* _Exercise brief_:
Pictures aside, please retype the whole listing word for word.

-.-.-

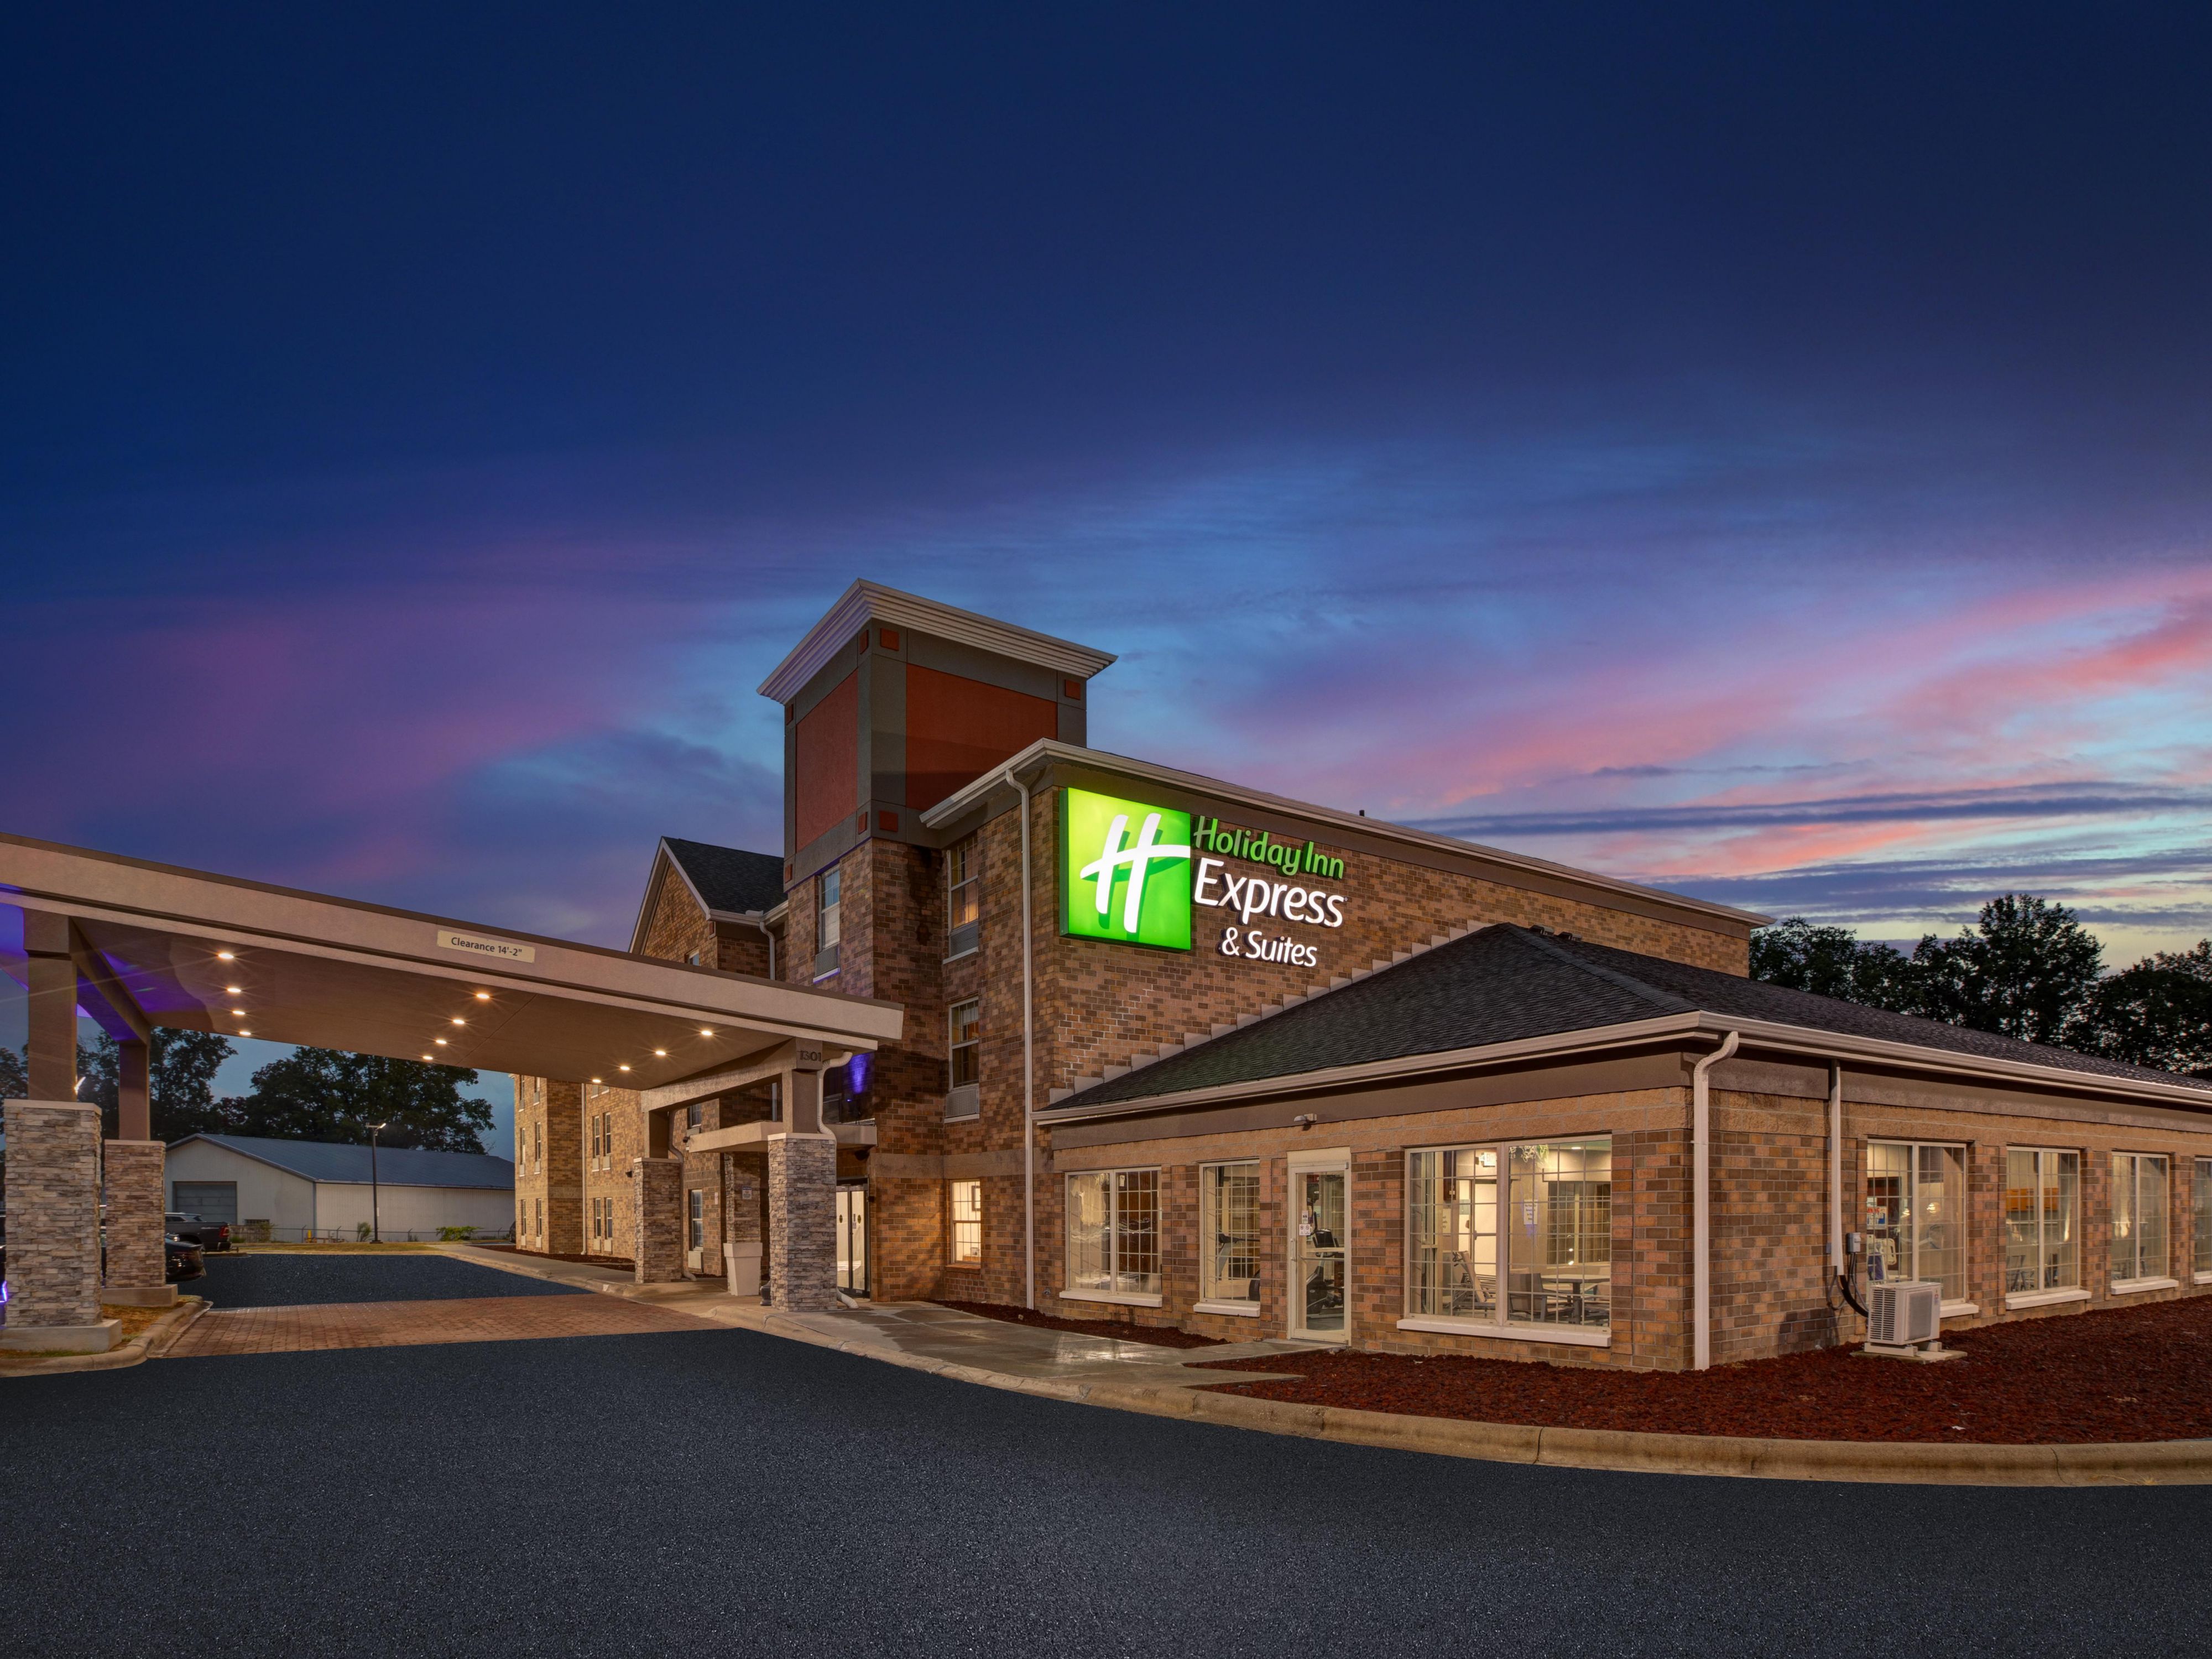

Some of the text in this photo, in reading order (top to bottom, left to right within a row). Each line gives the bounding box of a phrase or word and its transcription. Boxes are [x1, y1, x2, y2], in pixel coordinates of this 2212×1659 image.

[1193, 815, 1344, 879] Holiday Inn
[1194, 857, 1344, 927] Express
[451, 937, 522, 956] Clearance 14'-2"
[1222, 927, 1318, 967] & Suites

-.-.-

* _Completed exercise_:
Some of the text in this photo, in reading order (top to bottom, left to right within a row). Each line gives the bounding box of a phrase or word and its transcription. Boxes are [x1, y1, x2, y2], in pixel coordinates of this 2212×1659 image.

[1193, 815, 1344, 879] Holiday Inn
[1194, 857, 1344, 927] Express
[451, 937, 522, 956] Clearance 14'-2"
[1222, 927, 1318, 967] & Suites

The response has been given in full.